CheckFeatureSupport can be used to determine which vector element types can be accumulated. A list of types that are guaranteed to be supported on all devices can be found in Minimum Support Set.

Type Interpretations

The ComponentType enum in DxilConstants.h is extended as shown below, with four new 8-bit types:

enum class ComponentType : uint32_t {
  Invalid = 0,
  I1,
  I16, // = 2
  U16, // = 3
  I32, // = 4
  U32, // = 5
  I64,
  U64,
  F16, // = 8
  F32, // = 9
  F64,
  SNormF16,
  UNormF16,
  SNormF32,
  UNormF32,
  SNormF64,
  UNormF64,
  PackedS8x32, // = 17
  PackedU8x32, // = 18

  // BEGIN NEW FOR SM 6.9
  U8,      // = 19
  I8,      // = 20
  F8_E4M3, // = 21  
  F8_E5M2, // = 22
  // END     

  LastEntry
};

From-Register Interpretations

Input vectors stored in registers (eg vector<float, 16>) are interpreted according to the Conversion Rules shown below.

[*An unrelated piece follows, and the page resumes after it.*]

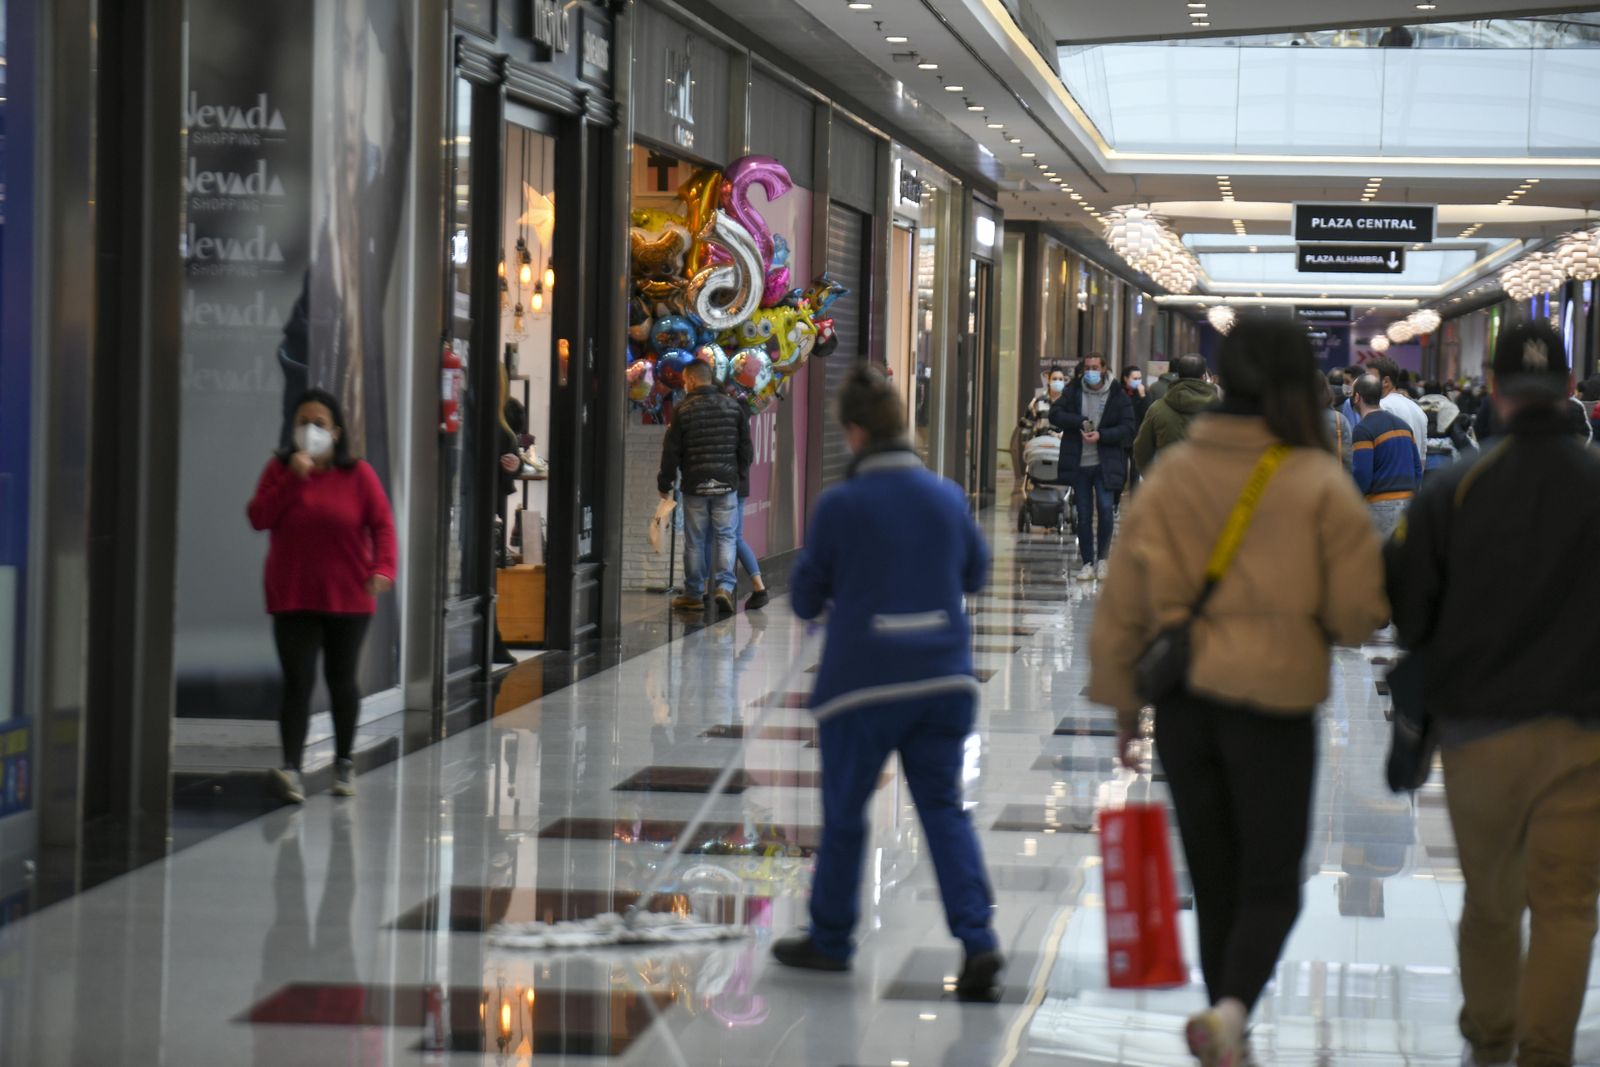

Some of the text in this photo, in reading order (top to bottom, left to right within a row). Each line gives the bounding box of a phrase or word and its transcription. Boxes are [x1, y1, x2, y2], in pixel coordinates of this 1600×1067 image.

For these vectors there is a distinction between the physical type and the logical type. The input interpretation argument for these vectors describes how to convert from the physical to logical type. This allows elements to be interpreted as types not natively supported by HLSL, e.g. uint8/sint8. For packed interpretations, a single physical element can expand into multiple logical elements.

Implementations are expected to support the interpretations listed in Minimum Support Set, but may also report additional supported interpretations via CheckFeatureSupport.

The following ComponentTypes are valid for use as input interpretations:

Memory Interpretations

Matrices and Vectors that are stored in raw-buffers and specified by resource handles (eg the matrix and bias-vector arguments to dx.op.matvecmul) are interpreted according to the Conversion Rules shown below.

Implementations are expected to support the interpretations listed in Minimum Support Set, but may also report additional supported interpretations via CheckFeatureSupport.

The following ComponentTypes are valid for use as interpretations for matrices or vectors stored in memory:

CheckFeatureSupport

CheckFeatureSupport can be used to determine what combinations of TYi, input interpretation, matrix interpretation, matrix transpose, bias vector interpretation and TYo are supported on a particular implementation. A list of combinations that are guaranteed to be supported on all implementations can be found in Minimum Support Set. Note that there is no guaranteed support for matrix tranpose, and so it must always be queried.

Conversion Rules

Non-“Packed” type interpretations are used to request arithmetic conversions. Input type must be a 32-bit or 16-bit scalar integer or a 32-bit or 16-bit float. Integer to integer conversion saturates, float to float conversion is implementation dependent and preserves the value as accurately as possible. Float to integer conversion is RTNE and saturating. Integer to float conversion is RTNE.

TODO: These rules make sense for NN applications but diverge from HLSL conversion rules here.

“Packed” type conversions are bitcasts to a smaller type. The declared input type must be 32-bit unsigned integer.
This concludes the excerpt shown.